### EXERCISE GOAL:
Give back all of the data exactly, with every picture omitted.

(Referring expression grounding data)
╔══

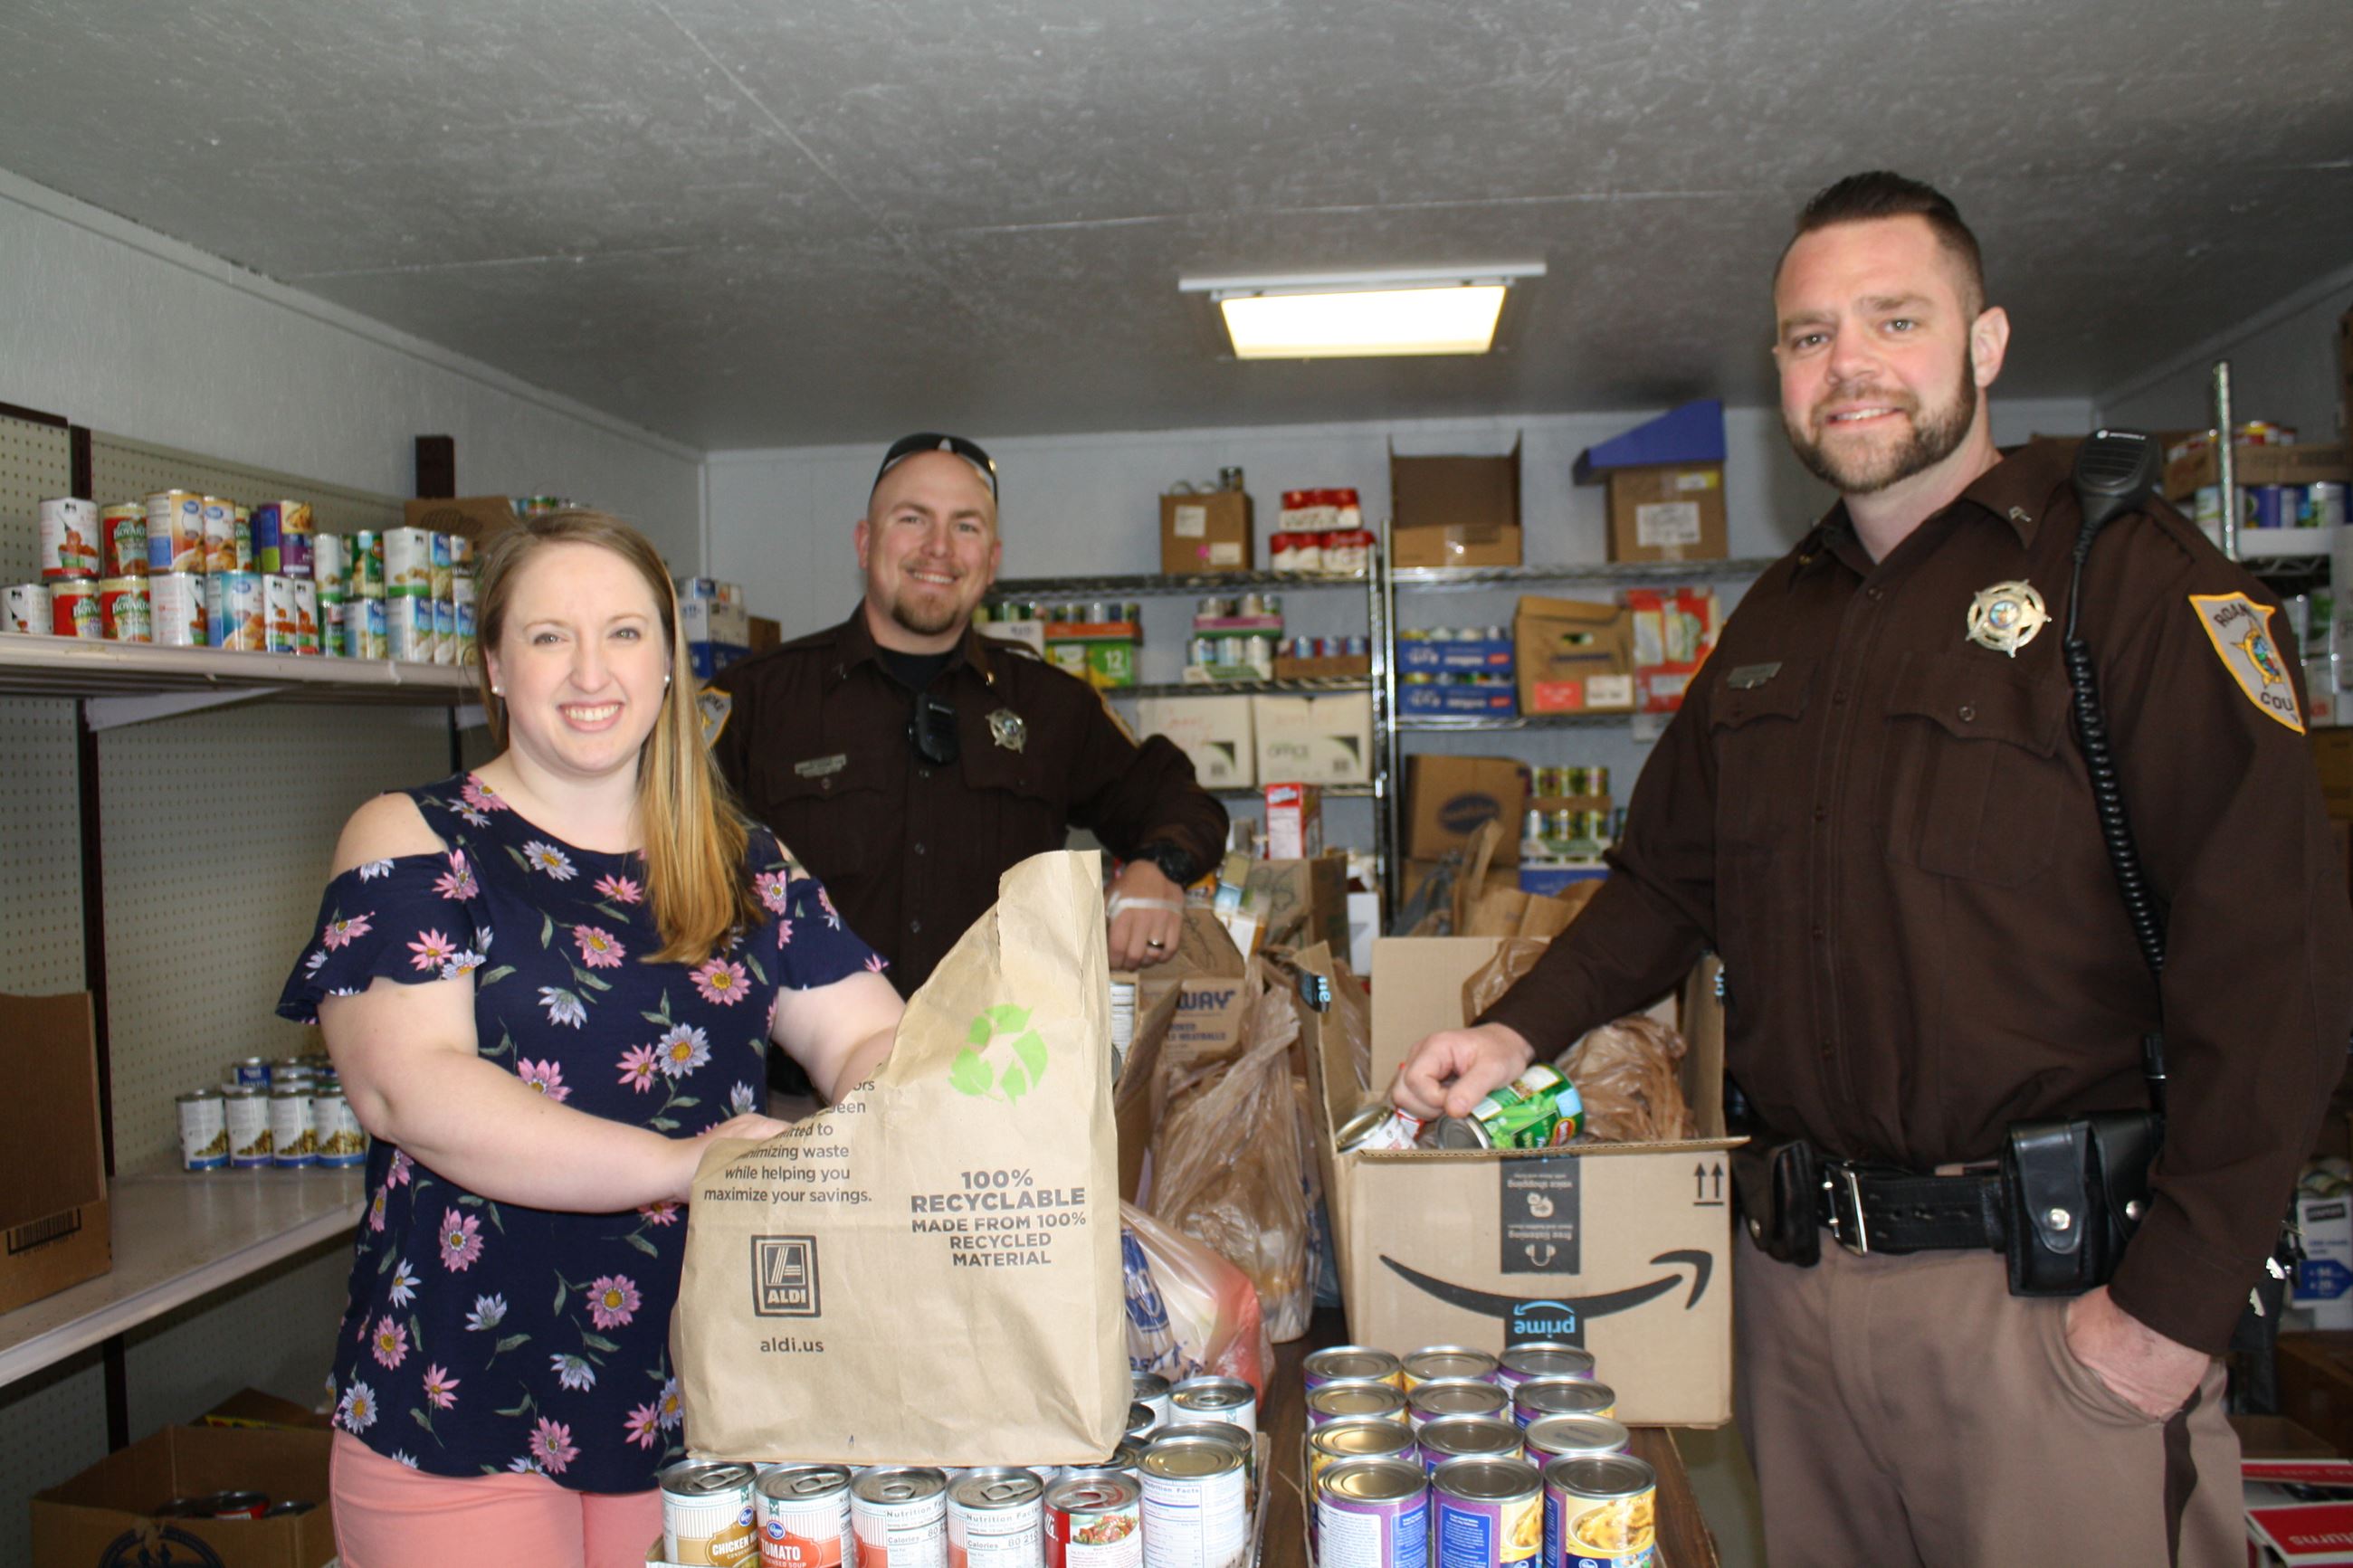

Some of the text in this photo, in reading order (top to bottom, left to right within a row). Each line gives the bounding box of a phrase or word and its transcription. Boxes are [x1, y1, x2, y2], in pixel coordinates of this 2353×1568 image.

[2214, 603, 2250, 628] ROAN
[2260, 692, 2294, 712] COU
[1177, 991, 1228, 1011] WAY
[816, 1122, 834, 1136] to
[803, 1145, 849, 1158] waste
[725, 1166, 851, 1183] while helping you
[961, 1168, 1034, 1190] 100%
[703, 1187, 872, 1205] maximize your savings.
[910, 1187, 1086, 1213] RECYCLABLE
[912, 1212, 1086, 1233] MADE FROM 100%
[950, 1232, 1053, 1250] RECYCLED
[953, 1250, 1053, 1267] MATERIAL
[767, 1289, 806, 1304] ALDI
[1514, 1316, 1576, 1339] prime
[760, 1337, 824, 1353] aldi.us
[1176, 1487, 1200, 1495] Facts
[886, 1506, 931, 1518] Nutrition
[967, 1513, 1013, 1524] Nutrition
[887, 1535, 919, 1544] Calories
[928, 1526, 939, 1538] 80
[967, 1540, 999, 1550] Calories
[1007, 1537, 1021, 1547] 80
[711, 1533, 750, 1557] CHICKEN
[761, 1537, 802, 1562] TOMATO

╚══

### SOLVED EXERCISE:
Some of the text in this photo, in reading order (top to bottom, left to right within a row). Each line gives the bounding box of a phrase or word and its transcription. Boxes are [x1, y1, x2, y2], in pixel coordinates of this 2353×1568 image.

[2214, 603, 2250, 628] ROAN
[2260, 692, 2294, 712] COU
[1177, 991, 1228, 1011] WAY
[816, 1122, 834, 1136] to
[803, 1145, 849, 1158] waste
[725, 1166, 851, 1183] while helping you
[961, 1168, 1034, 1190] 100%
[703, 1187, 872, 1205] maximize your savings.
[910, 1187, 1086, 1213] RECYCLABLE
[912, 1212, 1086, 1233] MADE FROM 100%
[950, 1232, 1053, 1250] RECYCLED
[953, 1250, 1053, 1267] MATERIAL
[767, 1289, 806, 1304] ALDI
[1514, 1316, 1576, 1339] prime
[760, 1337, 824, 1353] aldi.us
[1176, 1487, 1200, 1495] Facts
[886, 1506, 931, 1518] Nutrition
[967, 1513, 1013, 1524] Nutrition
[887, 1535, 919, 1544] Calories
[928, 1526, 939, 1538] 80
[967, 1540, 999, 1550] Calories
[1007, 1537, 1021, 1547] 80
[711, 1533, 750, 1557] CHICKEN
[761, 1537, 802, 1562] TOMATO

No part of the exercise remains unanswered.